* _YOUR TASK_
From the first entry to the last, restate everything word for word and exclude pictures.

* _DATA EXTRACTS_
= Beginning of Section =

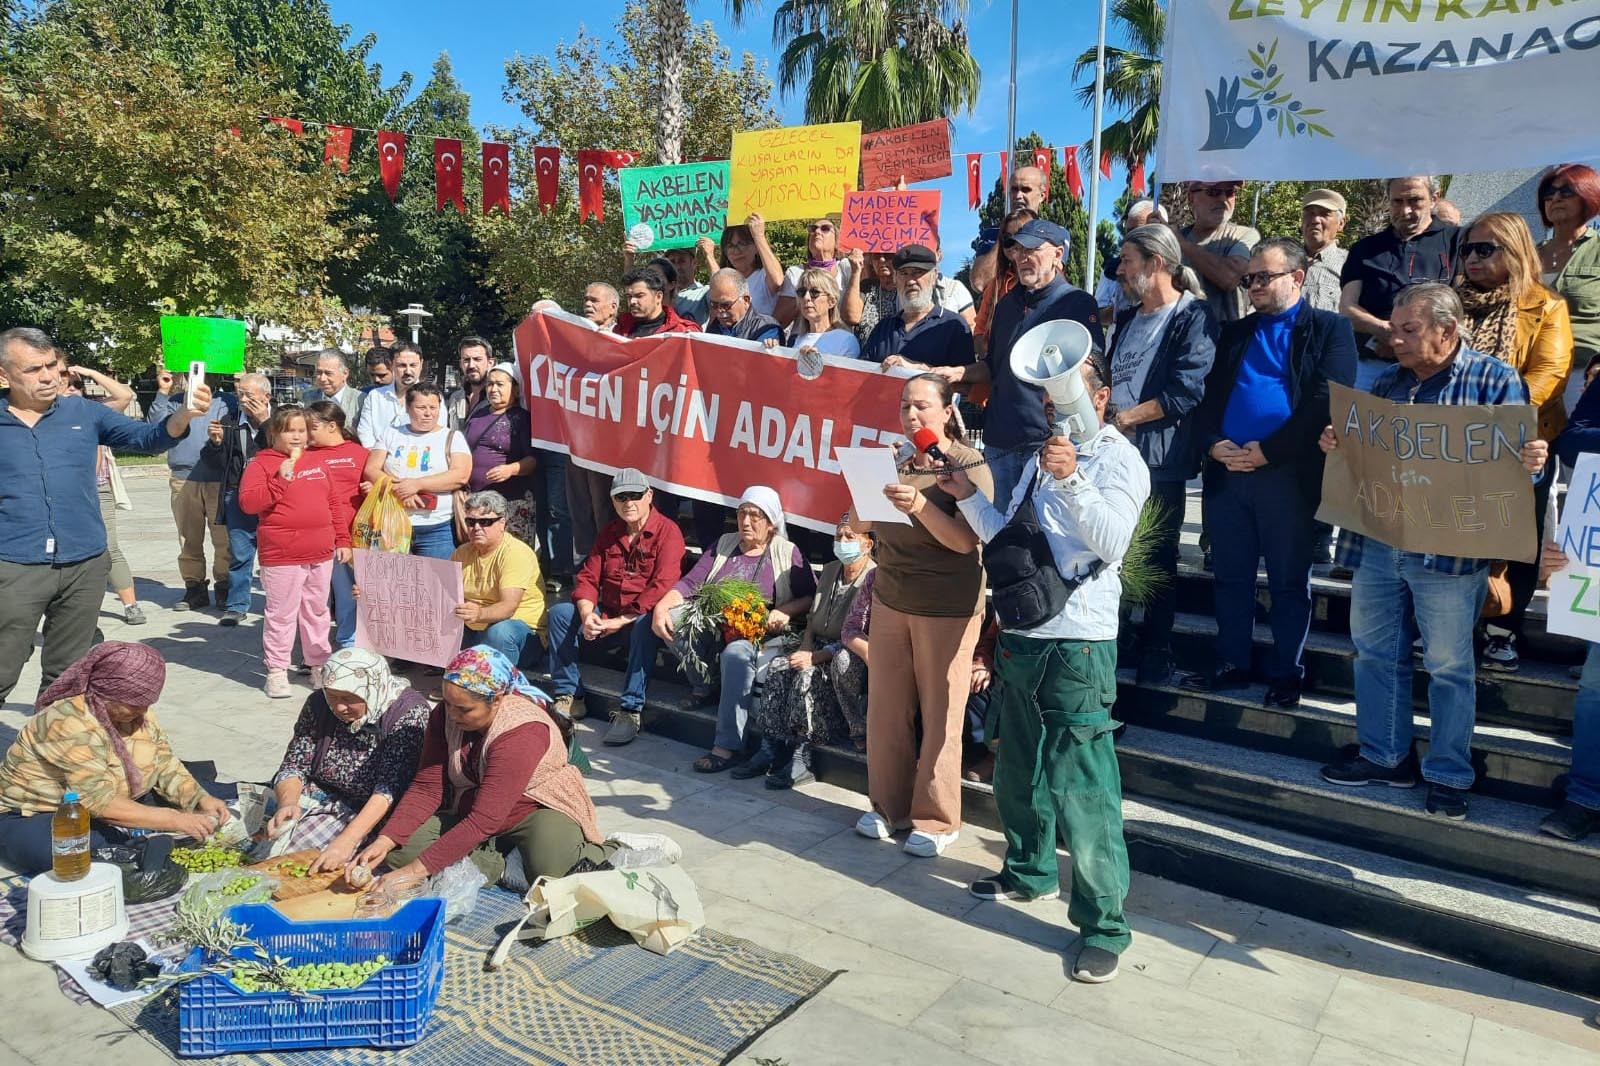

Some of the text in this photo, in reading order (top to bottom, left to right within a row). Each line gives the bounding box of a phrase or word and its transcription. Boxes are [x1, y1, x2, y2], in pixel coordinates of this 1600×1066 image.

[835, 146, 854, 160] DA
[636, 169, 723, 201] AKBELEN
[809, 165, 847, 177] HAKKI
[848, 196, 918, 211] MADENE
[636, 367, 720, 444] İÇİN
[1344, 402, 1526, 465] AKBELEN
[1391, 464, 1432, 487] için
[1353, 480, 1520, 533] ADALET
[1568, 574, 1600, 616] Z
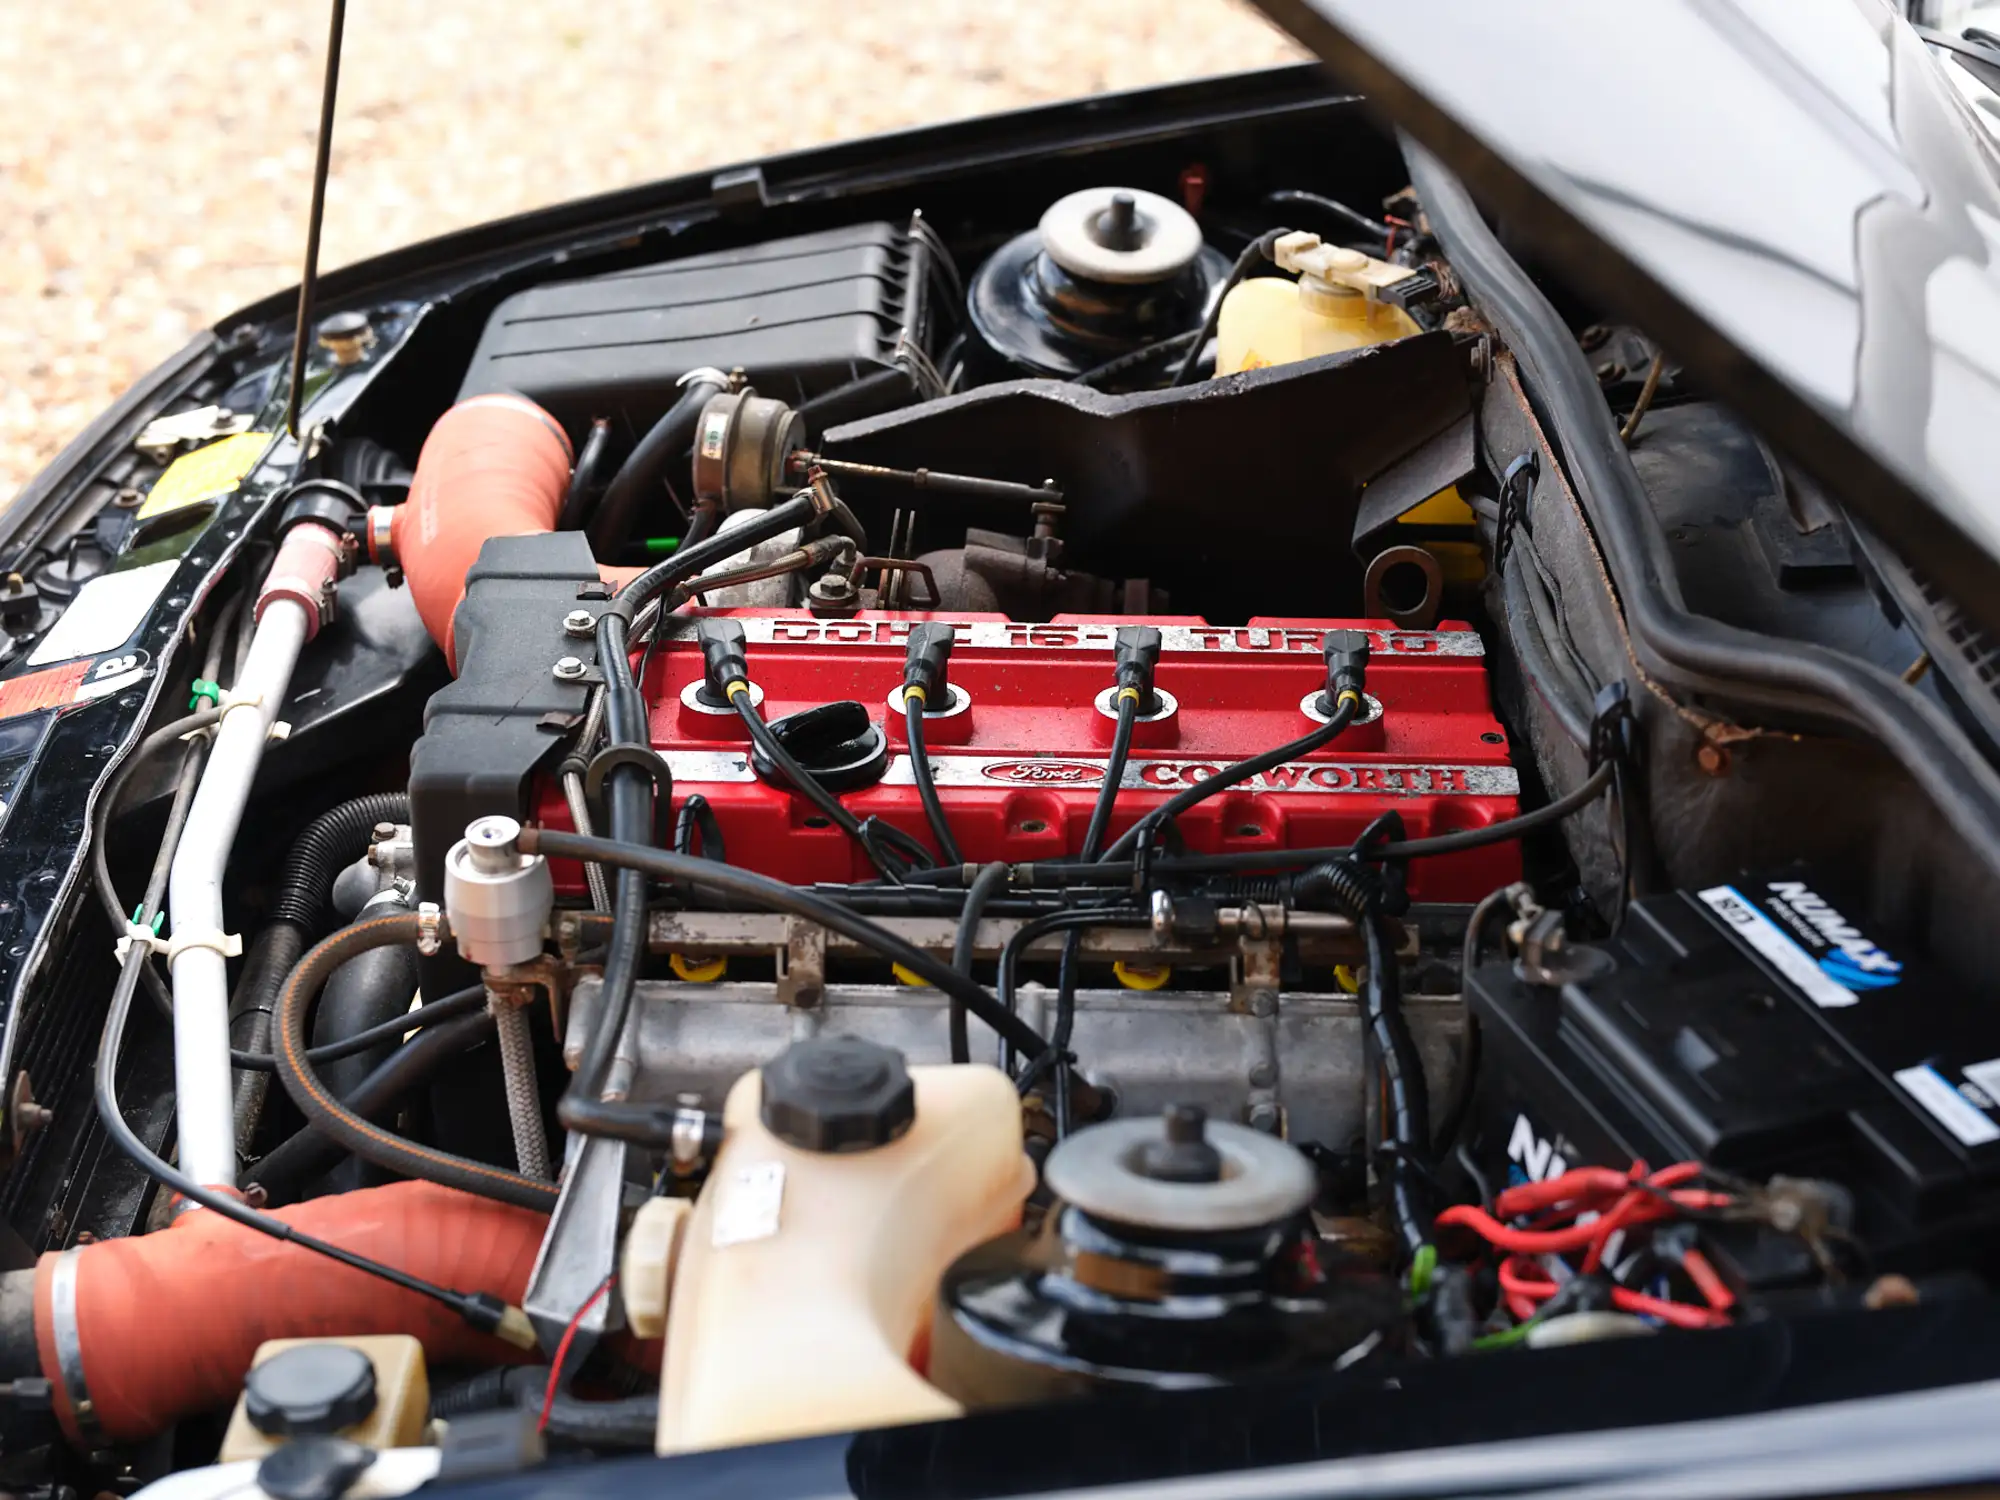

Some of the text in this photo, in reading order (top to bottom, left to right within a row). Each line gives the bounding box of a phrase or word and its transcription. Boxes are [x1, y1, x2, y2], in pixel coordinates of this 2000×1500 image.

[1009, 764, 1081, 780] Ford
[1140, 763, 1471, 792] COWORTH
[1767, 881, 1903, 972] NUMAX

= End of Section =

* _SOLVED EXERCISE_
Some of the text in this photo, in reading order (top to bottom, left to right within a row). Each line gives the bounding box of a phrase or word and its transcription. Boxes are [x1, y1, x2, y2], in pixel coordinates of this 1600×1066 image.

[835, 146, 854, 160] DA
[636, 169, 723, 201] AKBELEN
[809, 165, 847, 177] HAKKI
[848, 196, 918, 211] MADENE
[636, 367, 720, 444] İÇİN
[1344, 402, 1526, 465] AKBELEN
[1391, 464, 1432, 487] için
[1353, 480, 1520, 533] ADALET
[1568, 574, 1600, 616] Z

Some of the text in this photo, in reading order (top to bottom, left to right within a row). Each line gives the bounding box of a phrase or word and its transcription. Boxes are [x1, y1, x2, y2], in pixel coordinates of this 2000×1500 image.

[1009, 764, 1081, 780] Ford
[1140, 763, 1471, 792] COWORTH
[1767, 881, 1903, 972] NUMAX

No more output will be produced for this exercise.